BRIAN: Yeah. So, another big thing that we figured out and the way we will communicate and talk about fixing a problem or if we're having a problem, is really digging down and finding where the root of this is coming from. Because a lot of times, we will be fighting and it'll be completely about the wrong things, where we won't even know what it is. We have to stop and say, “Hold on a second. What's the root problem?”

Digging down and getting down to that point instead of surface or temporarily fixing it. “Oh this is just fixed for now or maybe I don't want to deal with it right now” or whatever. But actually, it helps so much. Just spend the time, go all the way down, figure it out, and then it's just done, figured out. It's made us closer because we have both worked through it in a way.

ALLIE: Instead of just trying to sweep it under the rug. The only way over it is through and just working through it.

And I think also talking about getting to the root of the problem, it’s easy in a marriage - especially when you're like us and you're together all day, every day - it can get easy to poke at each other and make snide remarks if you're frustrated, or to be honest, kind of sick of each other, maybe a little bit. That’s rare for us, but every once in a while there's a lot going on and we're involved with each thing about each other's lives all the way through, and that's just a lot on a marriage.

So, I think sometimes making it easy to poke at each other and irritate each other or say something negative to each other when you really need to get to the root issue. What is the actual problem? “Well, it really hurt me this morning when you said this or I felt like you didn't care when you did that and that's why I'm having this attitude towards you today.”

And then it's like, “Okay, well then let's talk about that.”

BRIAN: And then it's so much better when we dig down and just work it out.

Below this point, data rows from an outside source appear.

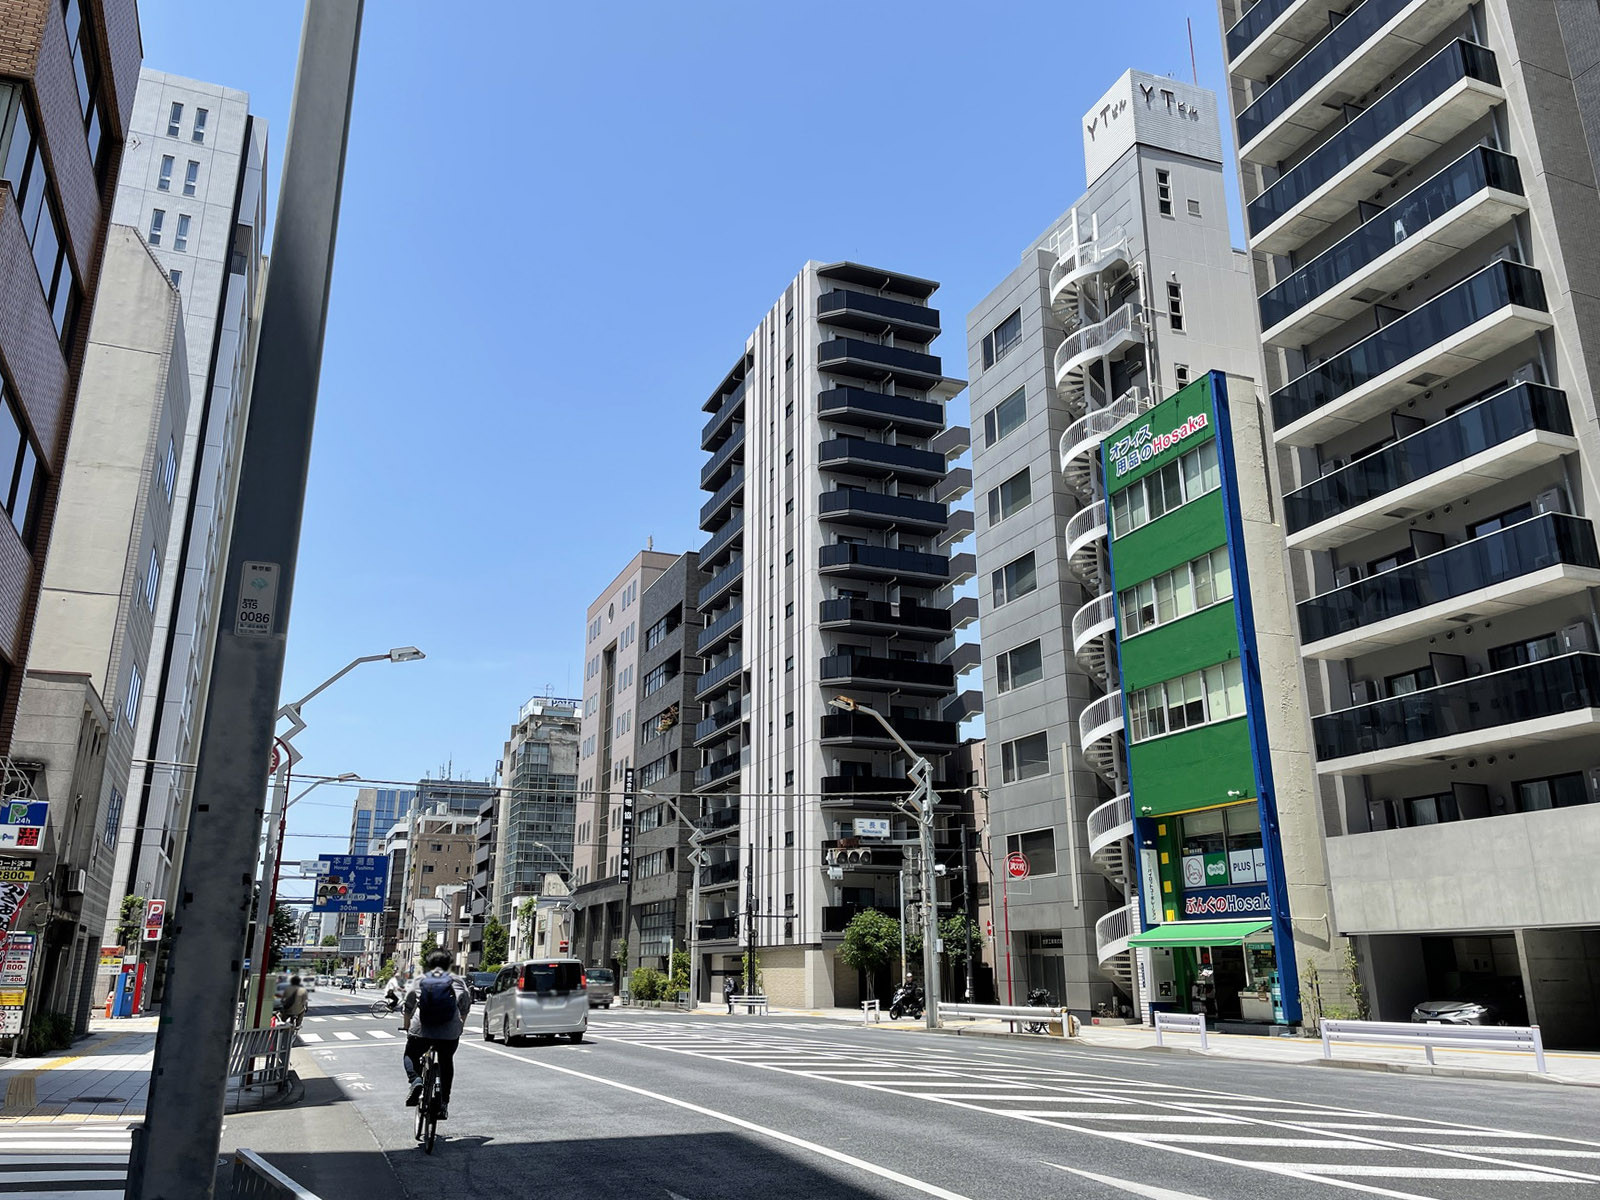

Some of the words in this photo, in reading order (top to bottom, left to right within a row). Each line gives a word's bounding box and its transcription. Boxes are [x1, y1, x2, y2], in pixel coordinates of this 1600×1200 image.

[1109, 424, 1153, 462] オフィス
[241, 612, 270, 623] 0086
[17, 828, 40, 846] 満
[1233, 861, 1252, 872] PLUS
[148, 904, 162, 919] P

ALLIE: Exactly. I know this episode is about communication and marriage, but just saying in general to communicate with each other about everything is so huge. It's everything. You've got to be able to come and say, “I really need to talk.”

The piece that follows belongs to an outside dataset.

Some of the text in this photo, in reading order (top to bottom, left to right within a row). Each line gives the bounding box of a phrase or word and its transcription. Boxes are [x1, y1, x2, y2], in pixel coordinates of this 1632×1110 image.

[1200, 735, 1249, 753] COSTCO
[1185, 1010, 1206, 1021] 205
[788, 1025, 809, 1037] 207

I know at any time if I come to you and I say, “I'm really frustrated. Can we just talk about this?” It might not be right then and there, but we'll talk about it. You're willing to at least hear me out and I'm willing to hear you out, even if it's something that I don't think is a problem, I didn't understand, or I don't really want to talk about.

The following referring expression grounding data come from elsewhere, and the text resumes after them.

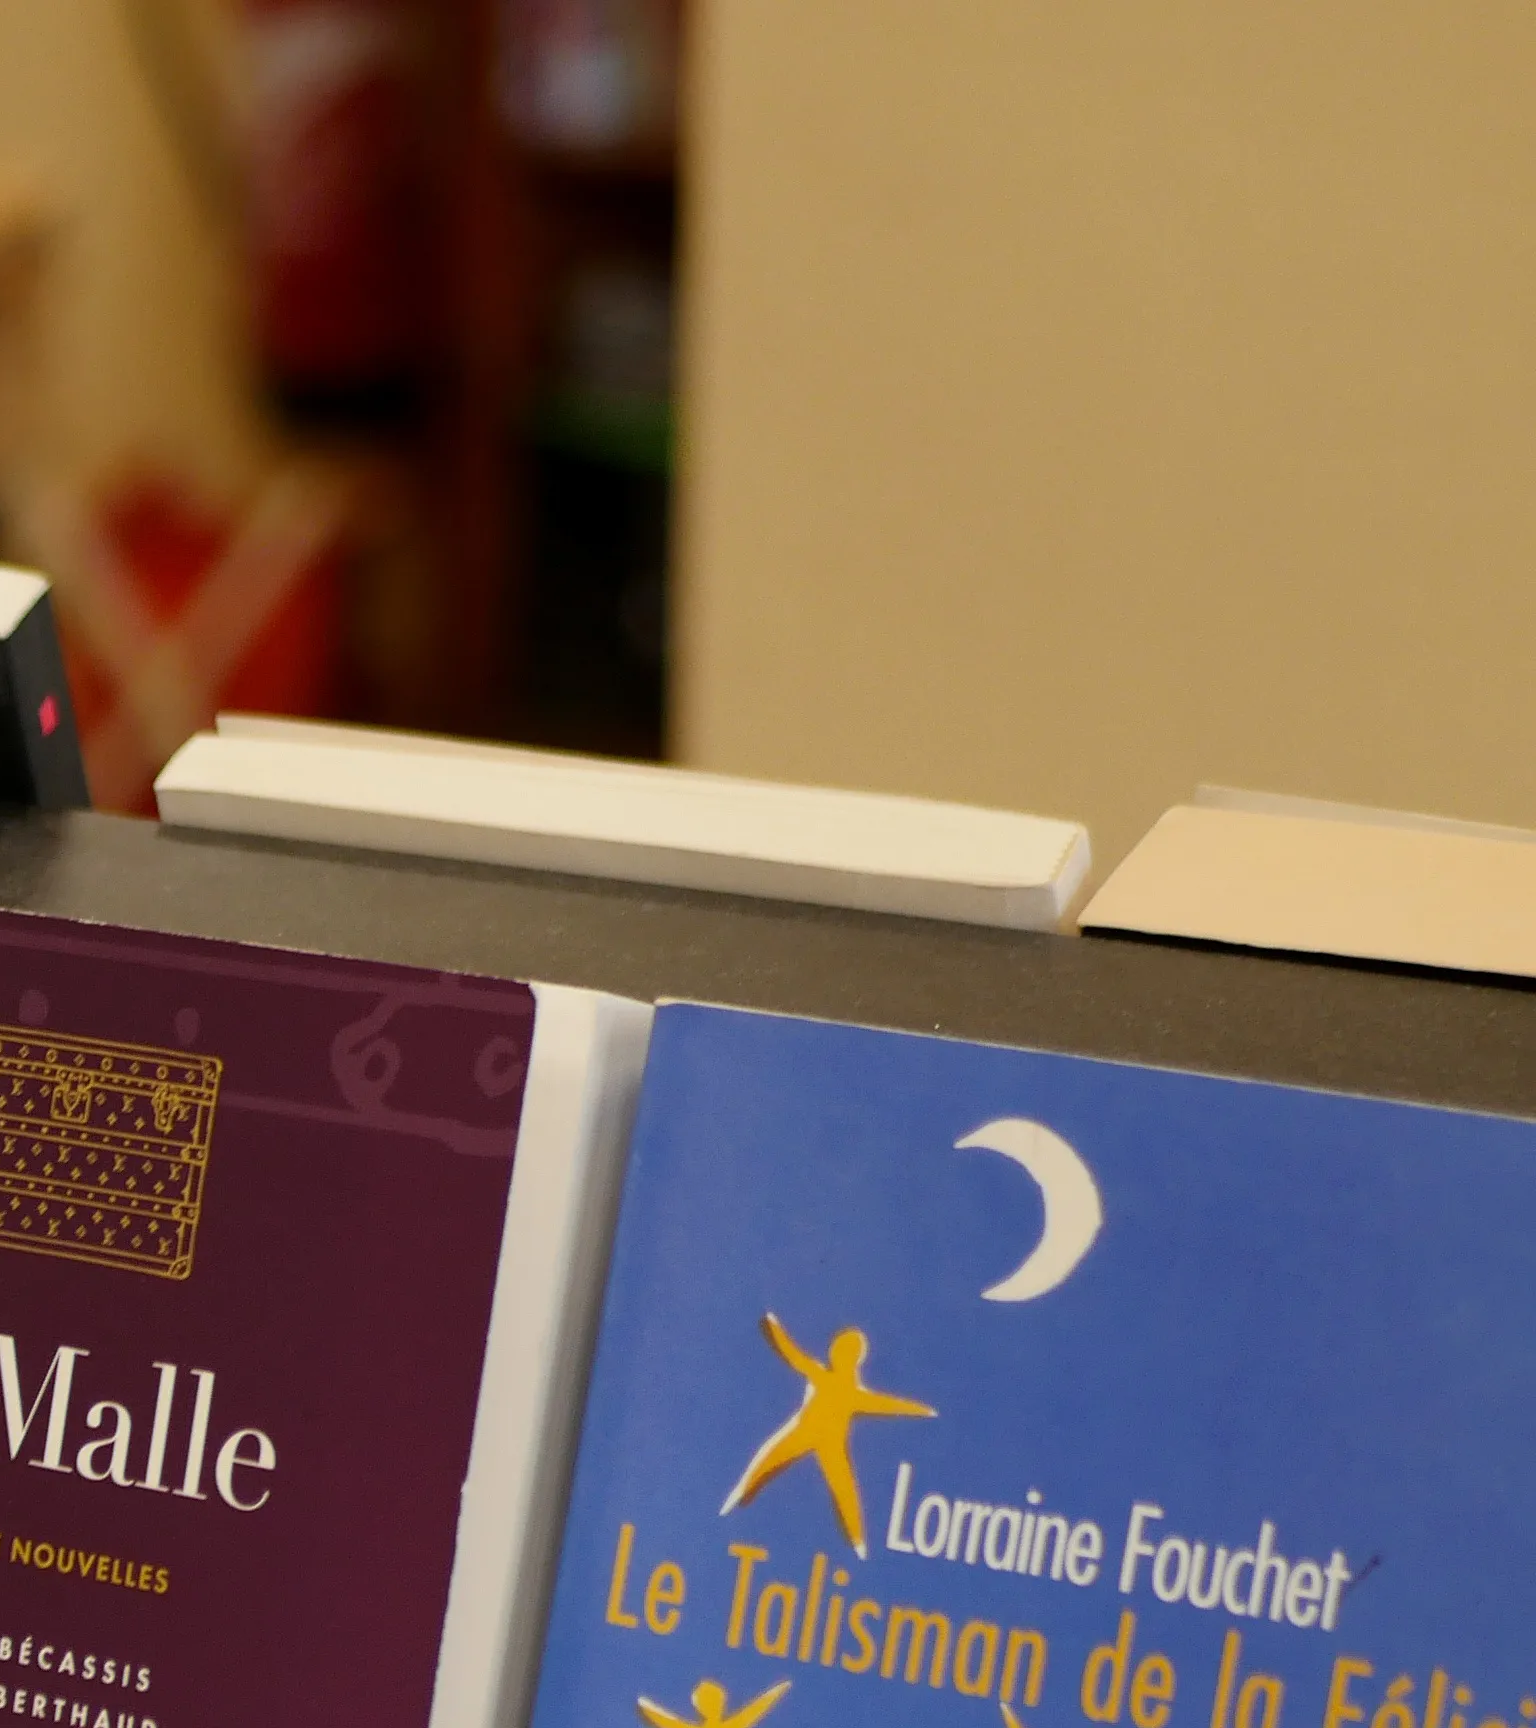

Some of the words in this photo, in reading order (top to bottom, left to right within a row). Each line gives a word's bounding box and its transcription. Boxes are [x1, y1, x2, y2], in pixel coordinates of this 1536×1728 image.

[10, 1536, 171, 1596] NOUVELLES
[603, 1521, 689, 1637] Le
[724, 1541, 1049, 1709] Talisman
[885, 1461, 1104, 1590] Lorraine
[1119, 1502, 1353, 1632] Fouchet

And we do that for each other. And that kind of goes into making time for that. Not going a long time without talking, which was hard for us when you were gone all the time. But we always made time for that. Just staying connected, communicating, being honest about how you feel, but being honest respectfully and lovingly. I think that is how you have successful communication. Even when there's flaws, even when there's disagreements, if you can communicate and you openly communicate, that's where you have successful communication.

BRIAN: Especially, when we're both having that understanding of we're both “like this” and “like that” and we're going to work on something or talking whenever we come together. Having all these tools and knowing all these things about each other, it just makes it so much easier.

ALLIE: Yeah, and I think successful communication in your marriage is not perfect. It's just there.

BRIAN: We're still learning. Every time we communicate about something, we get better and better and better at it. We learn more and more and more and better ways to do it and figure things out. I know that's just the way it's going to keep going.

ALLIE: Yeah. For sure. It'll never be perfect, but I think what matters is that it's there and that communication is existent and it's happening.